# About this task
The reply should consist solely of the lines from the one with "this 1288×966 image." through the final line of the listing, copied exactly, with no pictures.
╔══
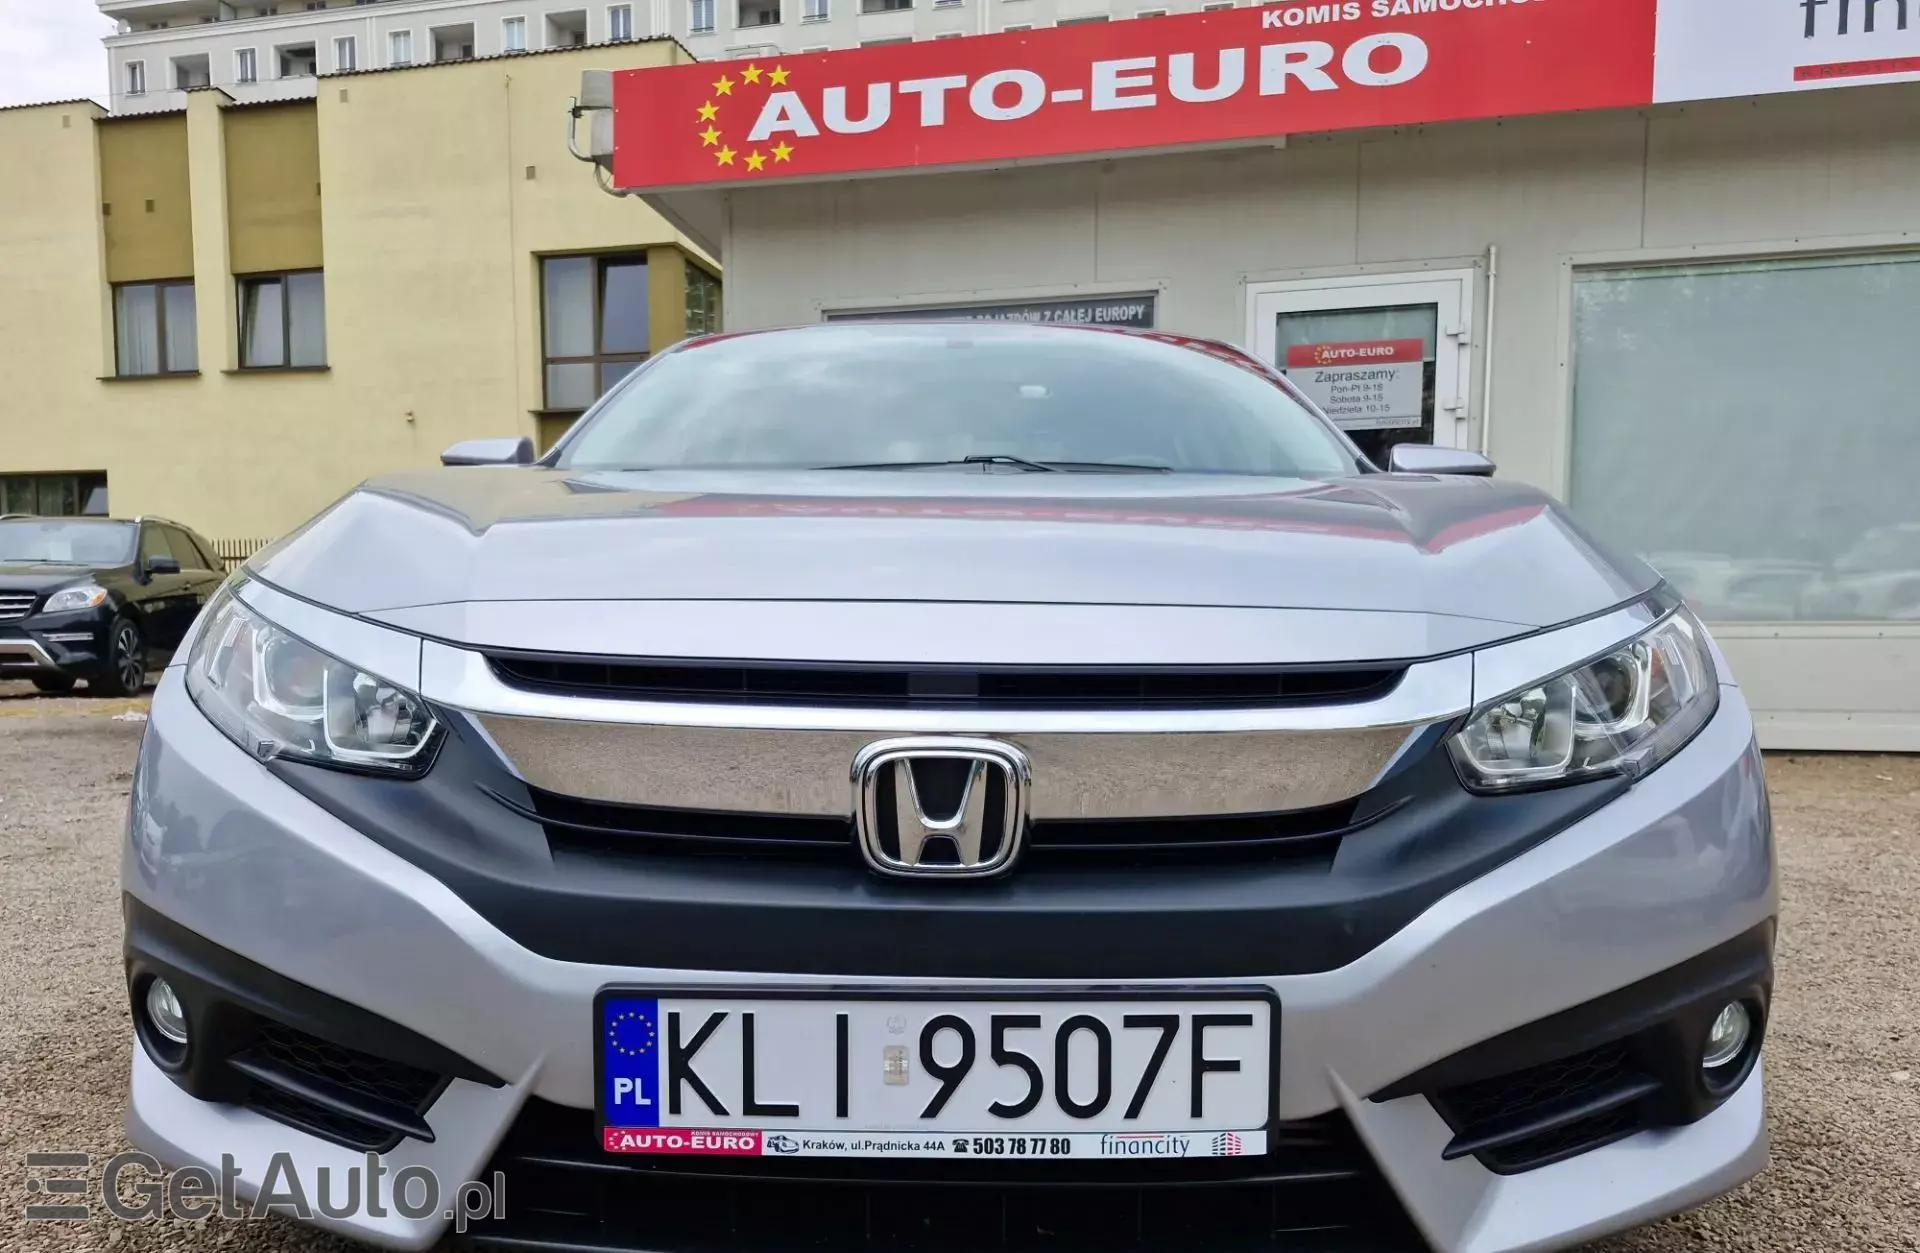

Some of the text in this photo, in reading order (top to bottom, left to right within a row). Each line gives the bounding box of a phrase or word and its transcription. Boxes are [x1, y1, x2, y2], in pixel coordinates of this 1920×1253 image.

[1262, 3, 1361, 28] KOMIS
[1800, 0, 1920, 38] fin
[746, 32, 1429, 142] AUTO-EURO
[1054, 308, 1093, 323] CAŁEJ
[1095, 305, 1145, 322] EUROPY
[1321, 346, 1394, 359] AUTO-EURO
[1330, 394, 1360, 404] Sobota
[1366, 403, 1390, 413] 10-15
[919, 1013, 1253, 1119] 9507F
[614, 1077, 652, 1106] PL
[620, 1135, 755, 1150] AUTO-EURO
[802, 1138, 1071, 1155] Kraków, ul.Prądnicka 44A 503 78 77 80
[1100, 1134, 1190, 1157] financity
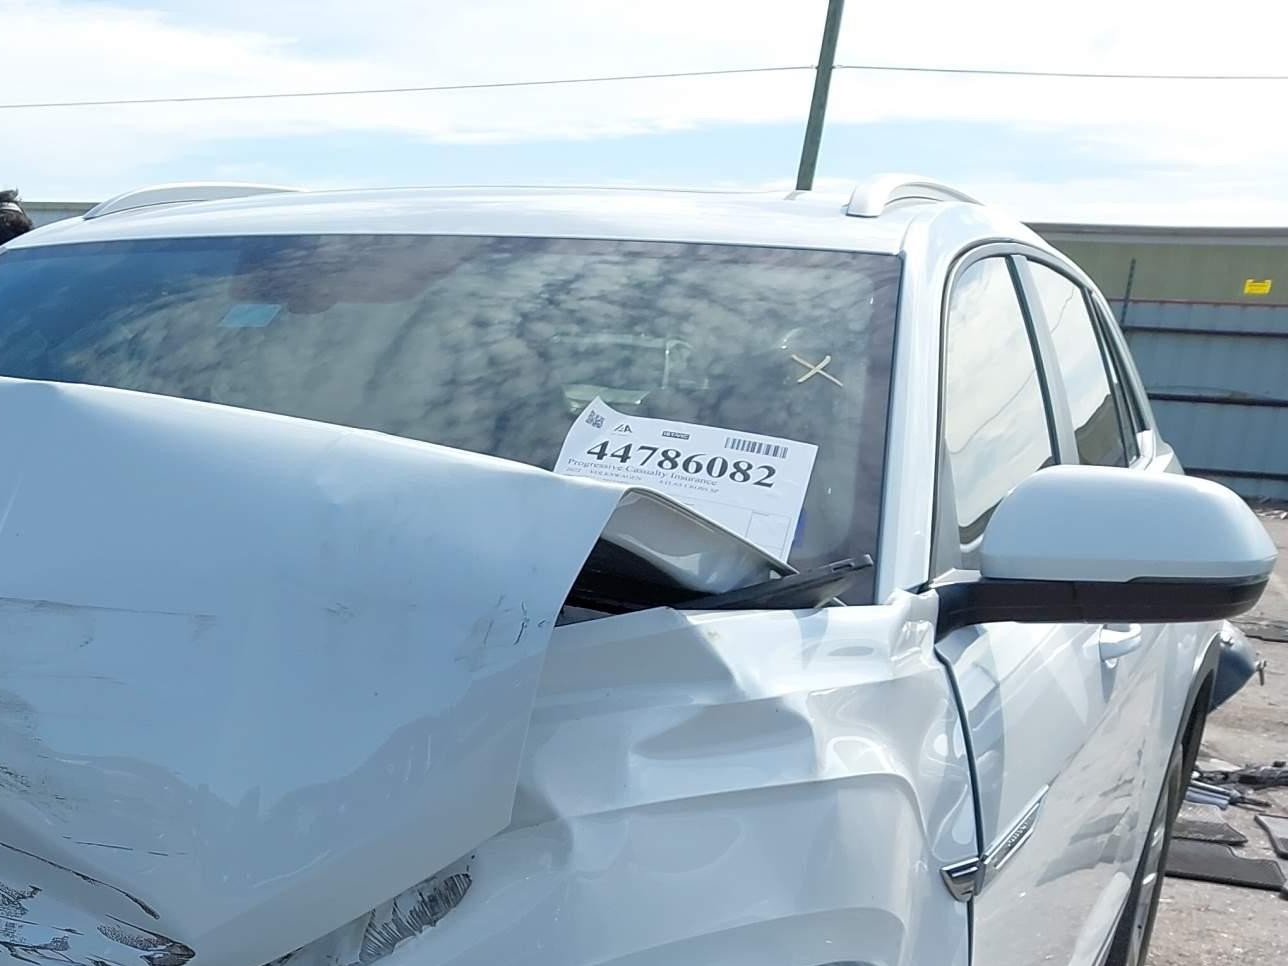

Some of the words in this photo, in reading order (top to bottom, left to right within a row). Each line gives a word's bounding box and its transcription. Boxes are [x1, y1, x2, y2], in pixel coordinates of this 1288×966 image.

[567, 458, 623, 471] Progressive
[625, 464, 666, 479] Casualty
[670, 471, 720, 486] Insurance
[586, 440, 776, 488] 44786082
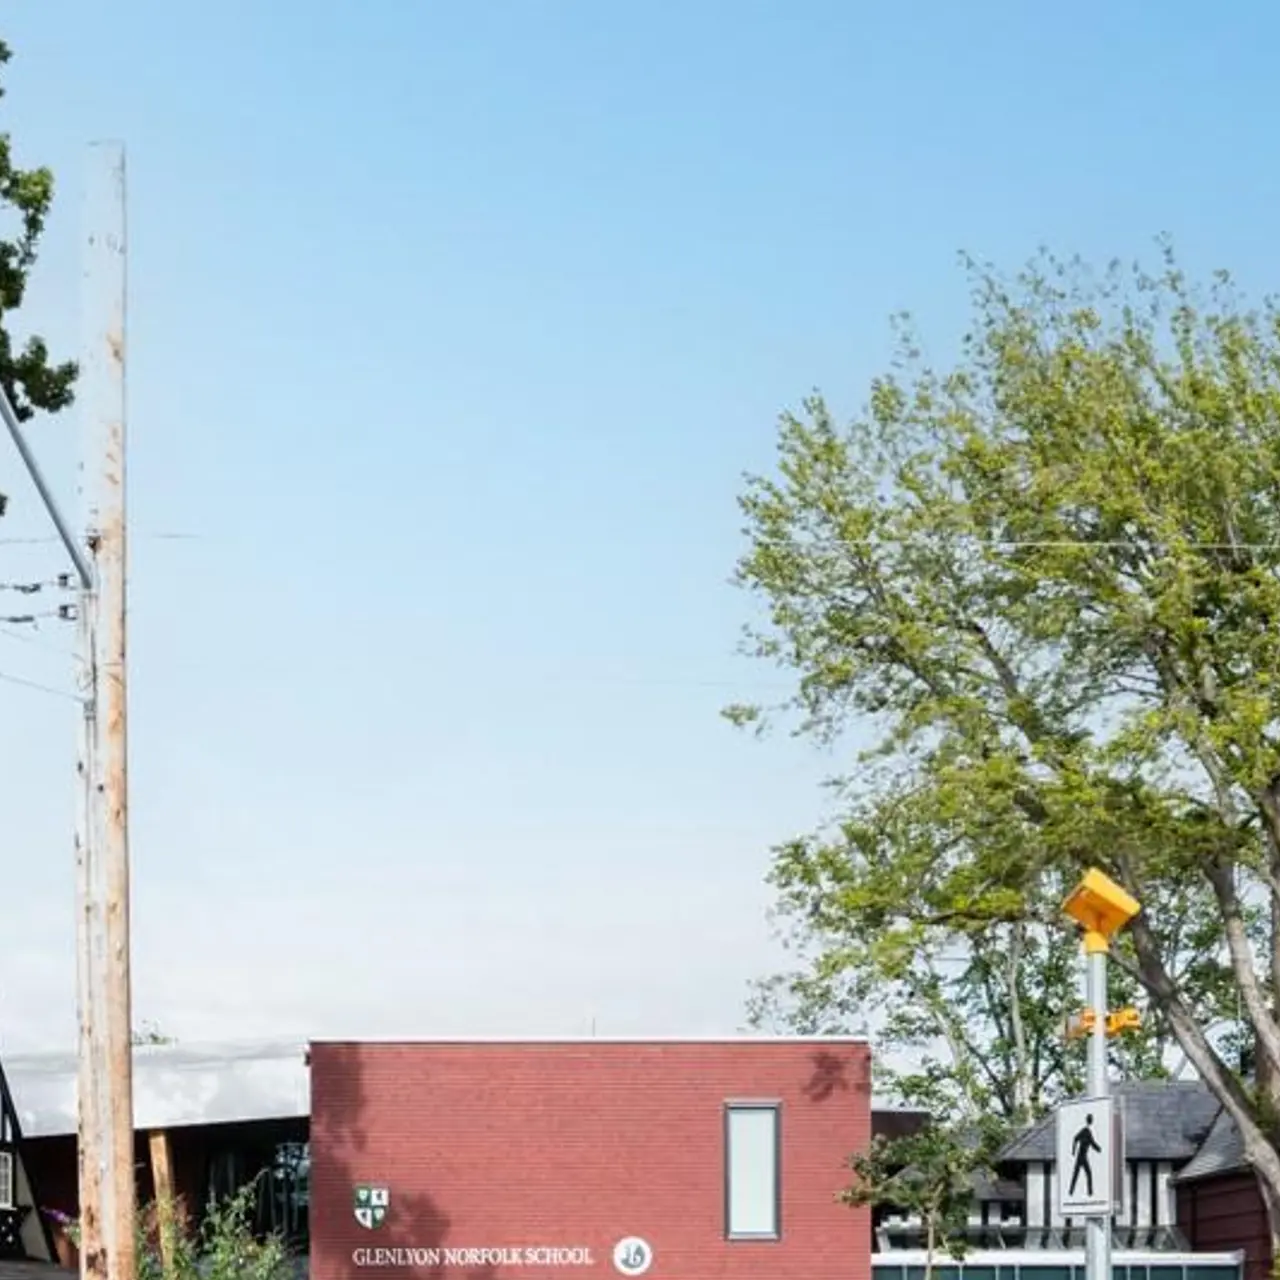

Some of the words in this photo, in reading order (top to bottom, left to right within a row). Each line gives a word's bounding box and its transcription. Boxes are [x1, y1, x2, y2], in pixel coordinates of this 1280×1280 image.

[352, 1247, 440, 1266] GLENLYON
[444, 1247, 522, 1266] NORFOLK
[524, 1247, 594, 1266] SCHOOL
╚══
# Task answer
Some of the words in this photo, in reading order (top to bottom, left to right within a row). Each line gives a word's bounding box and its transcription. Boxes are [x1, y1, x2, y2], in pixel coordinates of this 1288×966 image.

[567, 458, 623, 471] Progressive
[625, 464, 666, 479] Casualty
[670, 471, 720, 486] Insurance
[586, 440, 776, 488] 44786082

Some of the words in this photo, in reading order (top to bottom, left to right within a row). Each line gives a word's bounding box and its transcription. Boxes are [x1, y1, x2, y2], in pixel coordinates of this 1280×1280 image.

[352, 1247, 440, 1266] GLENLYON
[444, 1247, 522, 1266] NORFOLK
[524, 1247, 594, 1266] SCHOOL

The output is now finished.